Kurze Hintergrundinformationen zur saisonalen Hurrikanprognose
Die vorsaisonalen Diskussionen haben bereits im letzten Dezember begonnen, als das Institut für Atmosphärische Wissenschaft der Colorado State University (CSU) eine erste qualitative Abhandlung zur Aktivität in der atlantischen Hurrikansaison 2019 veröffentlichte. Die CSU ist zusammen mit der Agentur Tropical Storm Risk (TSR) des University College London und dem National Hurricane Center der Nationalen Ozean- und Atmosphärenbehörde (NOAA) eine der Fachinstitutionen für Hurrikanprognosen. Eine erste saisonale Hurrikanprognose mit der Anzahl der prognostizierten Stürme und Hurrikane folgte Anfang April. Üblicherweise werden monatlich Aktualisierungen herausgegeben, die letzte wurde Anfang August veröffentlicht. Es überrascht nicht, dass die Prognosegenauigkeit bei den im Juli oder August – und damit kurz vor Beginn des Höhepunkts der Hurrikansaison – veröffentlichten Prognosen am höchsten ist. Die Hurrikansaison in den USA beginnt jedes Jahr offiziell am 1. Juni und endet am 30. November. In der Vergangenheit waren der August und der September die Spitzenmonate der Hurrikansaison mit der höchsten Sturm- und Hurrikanaktivität.
Seit mehr als einhundert Jahren wird die Hurrikanprognose mehr oder weniger wissenschaftlich durchgeführt. Anfangs konzentrierte man sich dabei auf die frühe Erkennung von herannahenden Stürmen, um die Bürger zu warnen und sie vorzubereiten. Saisonale Prognosemodelle gibt es erst seit ungefähr 20 Jahren und haben sich seitdem durch erhöhte Datenverfügbarkeit und Rechenleistung extrem verbessert. Dank der heute hoch entwickelten statistischen Prognosemodelle weisen späte Saisonprognosen üblicherweise eine bemerkenswerte Vorhersagegüte auf. Das bedeutet, dass sie hinsichtlich der Vorhersage von Sturm- und Hurrikanaktivitäten im Vergleich zu Vorhersagen ausschliesslich auf Basis von Klimastatistiken verlässlicher sind.
Der Schwerpunkt der Hurrikanprognose liegt immer noch darin, sich entwickelnde Stürme zu beobachten und deren kurzfristigen Verlauf und Stärke exakt zu bestimmen.
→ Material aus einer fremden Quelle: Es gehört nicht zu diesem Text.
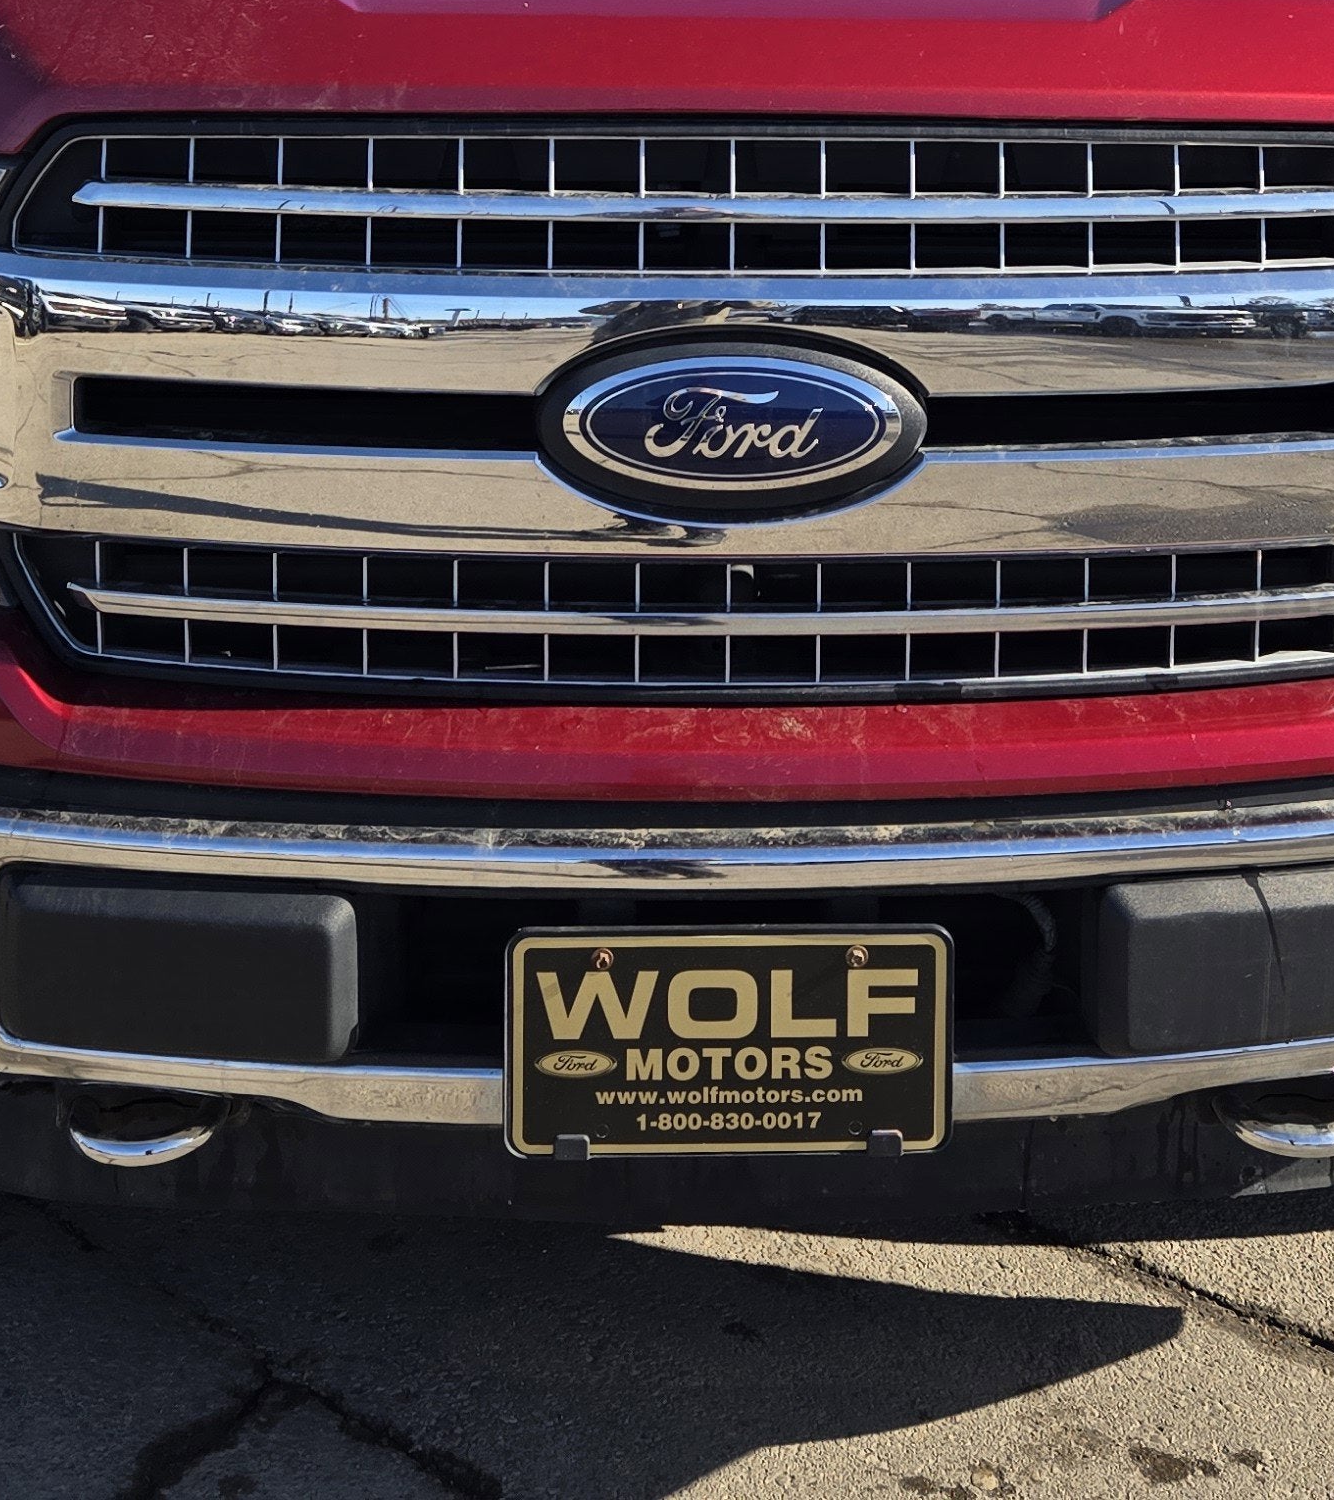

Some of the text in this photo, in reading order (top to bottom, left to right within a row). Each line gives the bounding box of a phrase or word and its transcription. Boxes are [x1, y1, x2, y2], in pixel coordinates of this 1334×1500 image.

[644, 386, 824, 460] Ford
[535, 967, 920, 1040] WOLF
[551, 1045, 905, 1082] Ford MOTORS Ford
[594, 1085, 864, 1106] www.wolfmotors.com
[635, 1111, 823, 1132] 1-800-830-0017
Ziel ist es, die Bürger an der US-Küste oder betroffener Inseln zu warnen und vorzubereiten. Warum beschäftigen sich Forschungsinstitute denn dann überhaupt mit langfristigen Saisonprognosen? Laut der CSU wird dies gemacht, weil «es möglich ist» und weil «die Menschen es wissen wollen». Es gibt aber auch praxis- und geschäftsrelevantere Anwendungen für die saisonalen Hurrikanprognosen: Bereits 2003 verfasste Niklaus Hilti, heute CEO der Credit Suisse Insurance Linked Strategies Ltd., zusammen mit Mark Saunders von der heutigen TSR und David Simmons von der Benfield Group eine Studie,1 in der gezeigt wurde, dass der Einkauf von Rückversicherungen auf Basis von späten Hurrikanprognosen im Vergleich zu einer statischen oder auf Klimaforschung fokussierten Einkaufsstrategie bessere Ergebnisse lieferte. Seitdem wurden auch aufgrund der rasanten Entwicklung des ILS-Markts saisonale Hurrikanprognosen für die Anleger immer wichtiger, denn sie beeinflussen Einkaufs- und Hedgingstrategien. Es ist jedoch anzumerken, dass ein ILS-Portfolio die meisten US-Hurrikantransaktionen während der Vertragsverlängerungen im Januar und Mai/Juni abschliessen wird, zu einem Zeitpunkt, an dem erst frühe Saisonprognosen mit geringerer Vorhersagegüte verfügbar sind. Späte Saisonprognosen sind hingegen am nützlichsten, um Anpassungen an bestehenden US-Hurrikanexposures vorzunehmen.